Impaired retinal glial functionality in mice with increased intraocular IGF-I. A, retinal GS activity was assayed in WT and TgIGF-I mice by spectrophotometric monitoring of γ-glutamyl hydroxamate. GS activity was significantly reduced in transgenic animals from an early age. Values are expressed as mean ± S.E. of 8–13 animals/group. *, p <0.05. B, follow up of retinal TNF-α expression by quantitative PCR. TNF-α was noticeably increased in TgIGF-I at 7.5 months of age. Values are expressed as mean ± S.E. of 4–5 animals/group. *, p <0.05. C, retinal MCP-1 content in 7.5 month-old WT and TgIGF-I mice analyzed by Western blot.
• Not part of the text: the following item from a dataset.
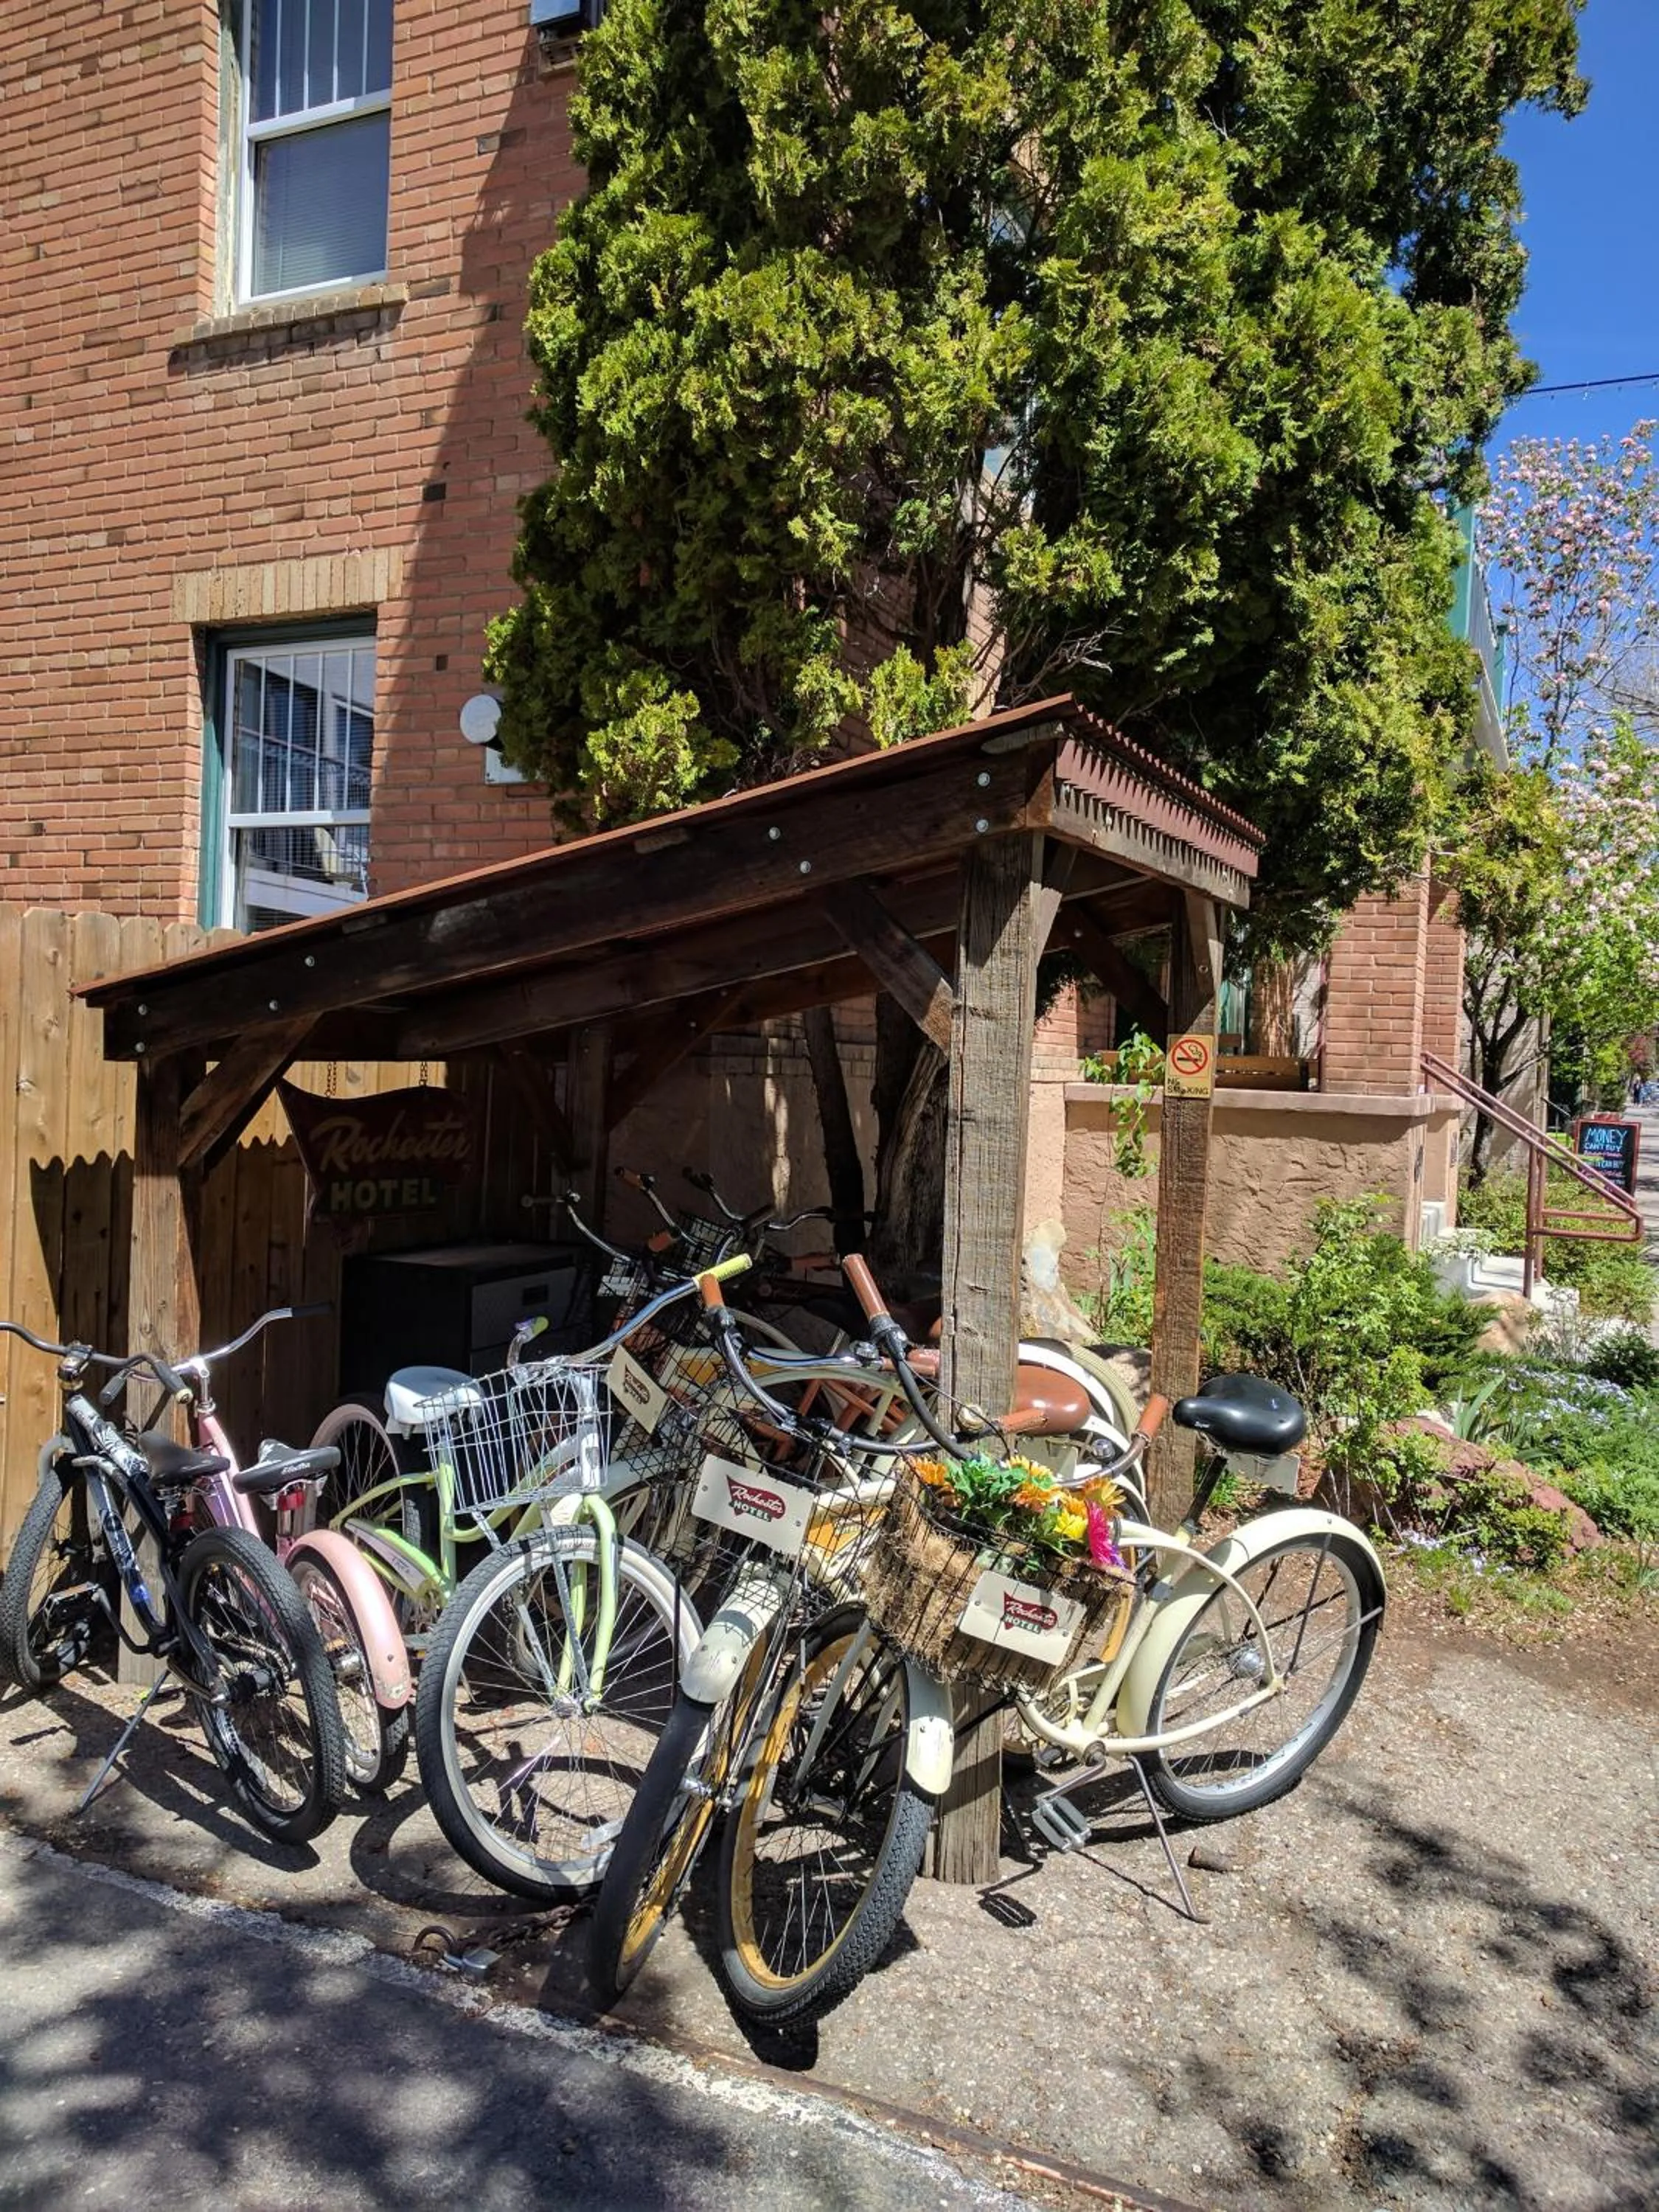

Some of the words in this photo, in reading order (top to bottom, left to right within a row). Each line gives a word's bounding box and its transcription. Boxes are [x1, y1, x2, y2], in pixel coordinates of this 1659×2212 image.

MCP-1 levels were significantly higher in transgenic retinas. Values are expressed as mean ± S.E. of four animals/group. **, p <0.01. tub, tubulin.

FIGURE 9.

Schematic representation summarizing IGF-I actions on IGF-I transgenic retinas. IGF-I has well described prosurvival properties that are essential for normal neuronal functionality and protection. However, excess IGF-I stimulation induces deleterious processes (gliosis and microgliosis, retinal and oxidative stress) that contribute to the impairment of neuronal functionality and viability, leading to neurodegeneration. IGF-I pro-survival actions are unable to counteract neurodegeneration as animals age.